Competitors at The Masters may be interested in the fact that certain meteorological conditions make lower scores more likely. For example, if a player knew that temperatures were to increase throughout the day, then they may look to play more aggressively in order to spend their next day's round in the best possible conditions for scoring. Bookmakers currently use models to give odds of the percentage chance of certain occurrences on the Augusta course (e.g., the number of bogeys, birdies, holes-in-one; the ‘cut’ score) during a day’s play. They may want to incorporate the predictor variables from the regression models in this paper to refine their models.

This paper does not consider other impacts on scoring such as hole reconfigurations (the hole’s position on the green changes every year in order to adjust the level of difficulty) and the design of the whole course.
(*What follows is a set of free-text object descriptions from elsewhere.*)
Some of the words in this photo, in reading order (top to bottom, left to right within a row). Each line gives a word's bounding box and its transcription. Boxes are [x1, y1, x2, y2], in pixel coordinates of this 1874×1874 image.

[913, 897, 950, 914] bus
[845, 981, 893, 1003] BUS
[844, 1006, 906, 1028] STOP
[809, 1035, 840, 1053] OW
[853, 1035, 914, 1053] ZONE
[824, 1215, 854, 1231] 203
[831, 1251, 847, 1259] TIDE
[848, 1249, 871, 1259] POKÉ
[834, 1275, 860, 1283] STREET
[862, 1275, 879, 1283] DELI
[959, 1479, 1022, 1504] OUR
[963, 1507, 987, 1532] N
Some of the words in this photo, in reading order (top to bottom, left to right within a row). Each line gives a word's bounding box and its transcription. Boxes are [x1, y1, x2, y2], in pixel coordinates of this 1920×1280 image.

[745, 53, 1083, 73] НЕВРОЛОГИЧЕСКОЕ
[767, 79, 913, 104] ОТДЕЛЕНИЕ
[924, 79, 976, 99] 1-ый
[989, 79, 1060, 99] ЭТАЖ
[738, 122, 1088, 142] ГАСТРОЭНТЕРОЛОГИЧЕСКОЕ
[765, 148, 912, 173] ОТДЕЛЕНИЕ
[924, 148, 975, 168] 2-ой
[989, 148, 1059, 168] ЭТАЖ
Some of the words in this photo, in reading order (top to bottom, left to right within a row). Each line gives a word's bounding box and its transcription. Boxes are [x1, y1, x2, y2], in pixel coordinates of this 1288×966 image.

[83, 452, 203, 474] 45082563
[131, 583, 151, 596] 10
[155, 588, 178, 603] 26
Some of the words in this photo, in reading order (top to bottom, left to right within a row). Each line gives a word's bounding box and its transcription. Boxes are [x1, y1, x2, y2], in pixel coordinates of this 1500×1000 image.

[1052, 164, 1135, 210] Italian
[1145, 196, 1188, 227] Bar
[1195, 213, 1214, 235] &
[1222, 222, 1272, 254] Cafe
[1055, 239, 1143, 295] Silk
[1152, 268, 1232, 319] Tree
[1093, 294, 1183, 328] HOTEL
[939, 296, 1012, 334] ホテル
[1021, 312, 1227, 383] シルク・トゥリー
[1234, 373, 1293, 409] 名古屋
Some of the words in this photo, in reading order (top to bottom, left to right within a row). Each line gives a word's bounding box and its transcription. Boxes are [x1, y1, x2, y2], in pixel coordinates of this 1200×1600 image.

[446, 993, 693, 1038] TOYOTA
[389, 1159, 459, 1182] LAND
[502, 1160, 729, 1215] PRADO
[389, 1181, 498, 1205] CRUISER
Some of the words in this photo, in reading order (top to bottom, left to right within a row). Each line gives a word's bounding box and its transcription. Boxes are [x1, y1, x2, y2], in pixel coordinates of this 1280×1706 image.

The Augusta National Golf Club’s course has gained a total of 623 m over the past 40 years (Kelly 2019), which may have caused changes to the exposure of parts of the course. This paper also assumes that the conditions on the course are identical to those experienced at the Augusta Field Airport meteorological station 12 km away. Whilst this is a short distance on the synoptic scale, it is possible for the airport to be dry and the golf course to be wet and vice-versa. Given that the course covers 140 hectares, it is possible that it might be raining on some fairways and not on others.

The results presented in this paper are specific to the men’s US Masters over a period of 40 years. Generalisations about the weather’s effect on golf can only be made from an ensemble of similar studies of other tournaments held in different geographical settings. Moreover, there are other groups of professional players (e.g., female professionals, challengers, seniors) that may be affected differently by changing weather conditions at the same course. In addition, golf is enjoyed by millions of amateurs worldwide, who play the game completely differently to professionals. Questionnaires and interviews with golfers might also provide some valuable insights into the effects of weather of play.

In conclusion, this paper has demonstrated that the weather has a statistically significant effect on mean golf scores at the Masters. Nearly 50% of the variance in mean golf scores over 40 years of tournaments can be attributed to changes in weather conditions.